I giovani nel romanzo di Chiara Stoppa

Il libro di Chiara Stoppa

«Scrivo da quando ero bambina, spinta da un’ipersensibilità che mi ha sempre fatto percepire le emozioni in maniera amplificata, e dalla mia indole creativa, costantemente persa nel suo mondo immaginario. Ecco perché ho avvertito fin da subito il bisogno di esprimere tutto questo fermento interiore. Ben presto ho capito che il modo che più mi si addiceva era la scrittura. Silenziosa, schiva, ma allo stesso tempo potente e liberatoria. Scrivere mi dona sollievo, proiettandomi in una dimensione alternativa in cui io ho il potere di far accadere ciò che voglio, cosa impossibile nella realtà, che non possiamo controllare».
Così Chiara Stoppa presenta il suo libro d’esordio “Hate me” (La Ruota Edizioni Roma), una storia di adolescenza inquieta.
«Ho affrontato i temi a cui tengo di più, come l’adolescenza, la musica, l’omosessualità, la famiglia, l’anticonformismo, l’amicizia, il bullismo, l’amore e la sua assenza. Ho usato uno stile di scrittura molto colloquiale e spontaneo, per coinvolgere il lettore a 360 gradi».

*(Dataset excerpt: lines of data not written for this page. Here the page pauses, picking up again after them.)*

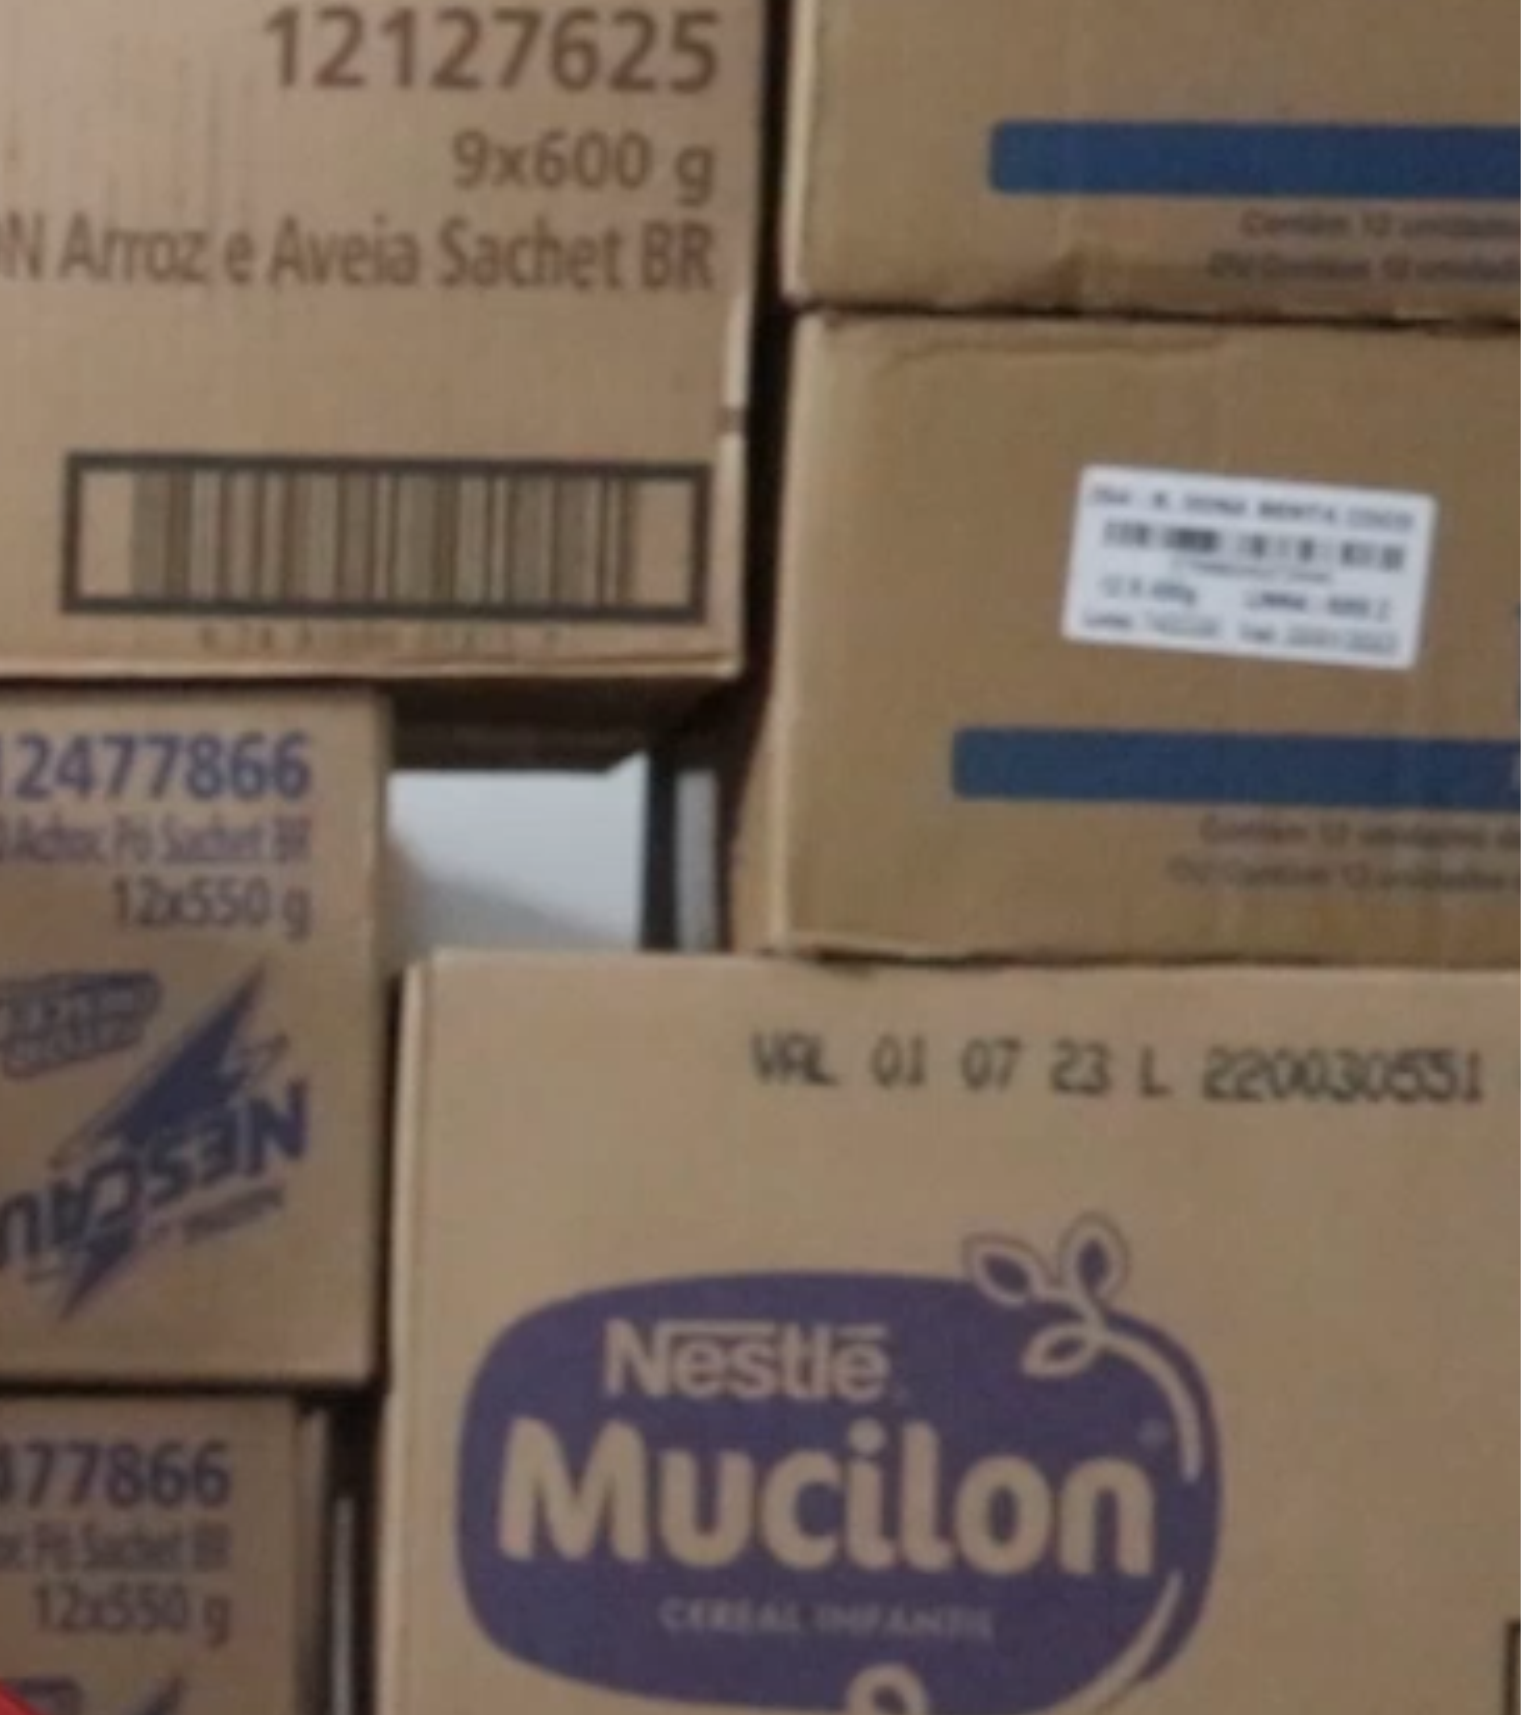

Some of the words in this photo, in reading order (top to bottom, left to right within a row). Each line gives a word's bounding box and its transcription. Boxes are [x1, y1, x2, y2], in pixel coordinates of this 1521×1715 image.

[263, 8, 718, 94] 12127625
[452, 131, 651, 190] 9x600
[675, 141, 714, 205] g
[58, 212, 208, 286] Arroz
[224, 230, 253, 286] e
[271, 216, 421, 290] Aveia
[442, 217, 622, 292] Sachet
[642, 221, 714, 293] BR
[111, 877, 270, 926] 12x550
[283, 886, 311, 941] g
[751, 1034, 836, 1086] VAL
[871, 1036, 925, 1087] 01
[961, 1038, 1022, 1091] 07
[1050, 1040, 1112, 1095] 23
[1140, 1045, 1170, 1097] L
[604, 1319, 891, 1401] Nestlé
[497, 1416, 1155, 1577] Mucilon
[202, 1593, 232, 1649] g
[659, 1600, 800, 1638] CEREAL
[817, 1602, 994, 1644] INFANTIL

Come vive un adolescente oggi? Quali le speranze, i sogni, le ambizioni, le difficoltà?
«Sono cambiate molte cose da quando ero adolescente io, nonostante si tratti di soli 10 anni fa. In pochissimo tempo, e con una velocità incredibile, i cambiamenti sono stati radicali e profondi. I social e gli smartphone erano cose all’epoca ancora sul nascere, e non avevano il ruolo centrale che rivestono oggi nella quotidianità dei ragazzi. Credo che essere un adolescente nel 2020 non sia proprio una passeggiata. Tra il periodo storico difficile (crisi economica, didattica online imposta dal Covid 19) e la crescente esposizione ai pericoli del web (che spesso propone modelli negativi che privilegiano l’apparenza e non la sostanza), oggi i teenager sono alle prese con sfide spesso più grandi di loro e sottoposti a continue pressioni. Nel profondo, però, le loro speranze e sogni rimangono sempre gli stessi: il bisogno di capire chi sono e chi vogliono diventare, di essere accettati e apprezzati dagli altri, di fare esperienze nuove ed eccitanti, ma soprattutto di essere ascoltati. Insomma hanno secondo me bisogno di un orecchio che li ascolti».
Non teme che il distanziamento sociale sia una dura prova per questi giovani?
«Nel mio libro ho toccato proprio il tema della incomunicabilità generazionale, e leggendolo emerge in effetti una certa sfiducia verso il mondo degli adulti. Molti di loro sono incapaci di mettersi nei panni dei tre giovani protagonisti, che si sentono incompresi, oppure, al contrario, oppressi da genitori e professori. Credo però che in fondo ci siamo passati un po’ tutti quando avevamo sedici anni… il bruciante desiderio di crescere in fretta, e un idealismo estremo che porta a vedere tutto bianco o tutto nero… nell’adolescenza il grigio è bandito».
Quali sono i modelli letterari dei teenager di oggi?
«I ragazzi, fatta qualche rara eccezione, leggono poco. C’è un bisogno disperato di riscoprire i libri e il loro valore, di identificarsi in personaggi e storie che parlano proprio di loro. I libri offrono risposte, spunti di riflessione, stimoli creativi, oltre che conforto e compagnia. Personalmente, i libri sono sempre stati il mio rifugio sicuro dal mondo, quando questo diventava troppo disturbante. Insieme alla musica sono per me ancora oggi fonte di ispirazione e di arricchimento interiore. E qui non c’è epoca che tenga: la passione per la lettura, la musica o l’arte possono sempre aiutare i ragazzi a costruire sé stessi, mattoncino dopo mattoncino, in questo indimenticabile, intensissimo momento di crescita che in fondo è l’adolescenza».